Fringe mangroves are geographically located on the coastline. They are found in stands approximately 10-12 metres high and these forests are usually impacted by waves, wind, storm surges, tidal change and flushing.[12] [13] [14] Secondly, basin mangrove forests can be found in close proximity to lagoons and mudflats that are further inland at depressions where water levels fluctuate due to seasonal (wet and dry) variation. Basin mangrove trees can have heights ranging between 3-12 metres. [12] [13] Finally, the estuarine (riverine) mangrove forests align tidal river banks and creeks. These forests experience the greatest productivity and tree growth due to increased nutrients, tidal flushing and litter fall as compared to basin and fringe. Riverine forests can extend kilometres inland and they are not exposed to waves, and storm surges therefore facilitating an environment where forest stands can reach as high as 35 metres.[12] [13] At each type of mangrove forests various species of mangrove trees can be found which are classified into 3 primary groups which include red, black and white mangroves.

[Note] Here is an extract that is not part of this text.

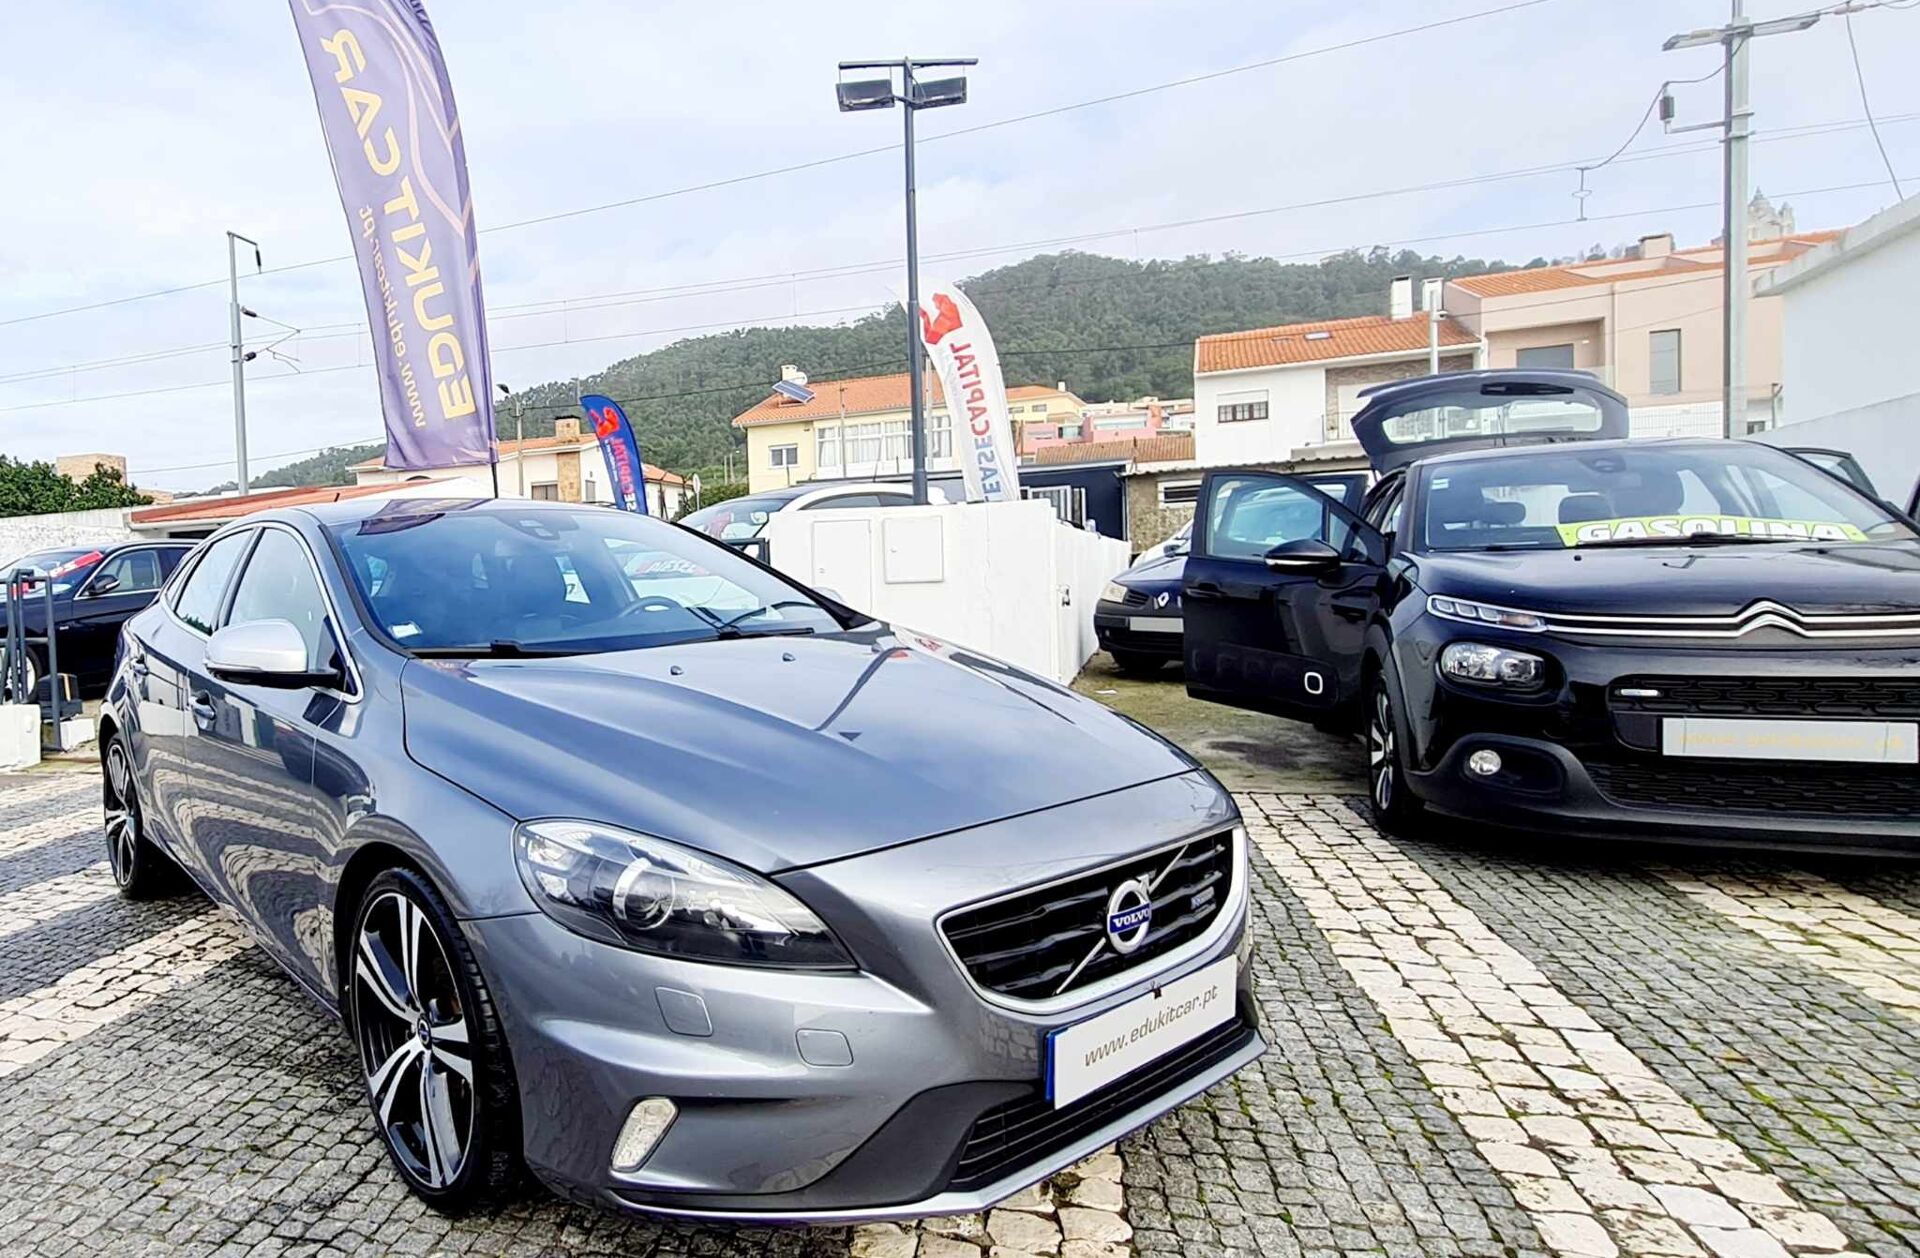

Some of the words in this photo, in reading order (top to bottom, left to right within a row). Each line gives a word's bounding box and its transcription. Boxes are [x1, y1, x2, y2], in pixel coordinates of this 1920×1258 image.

[1575, 517, 1849, 543] GASOLINA
[1113, 904, 1150, 928] VOLVO
[1084, 985, 1219, 1067] www.edukitcar.pt

Red mangroves (Rhizophora mangle) are found on the boundaries of coastline locations and are impacted directly by waves and storm surges. They are characterised by their interconnected red prop roots that extend approximately 1 metre from the trunk to the soil surface to stabilise the tree. Black mangroves (Avicennia germinans) are found at greater heights on the coastline where tidal changes expose the pneumatophores to the air. Pneumatophores are pencil-shaped prop like roots that extend vertically from the subsurface to a height approximately 10-20 cm and submerged horizontal root systems to provide oxygen to the tree. [15] [16] [17] Finally, white mangroves (Laguncularia racemosa) are found at higher elevations as compared to black and red mangroves. White mangrove root systems are underground and do not possess prop roots or pneumatophores. However, in flooded or oxygen deprived areas they may develop peg roots.[17]

Why are mangroves important?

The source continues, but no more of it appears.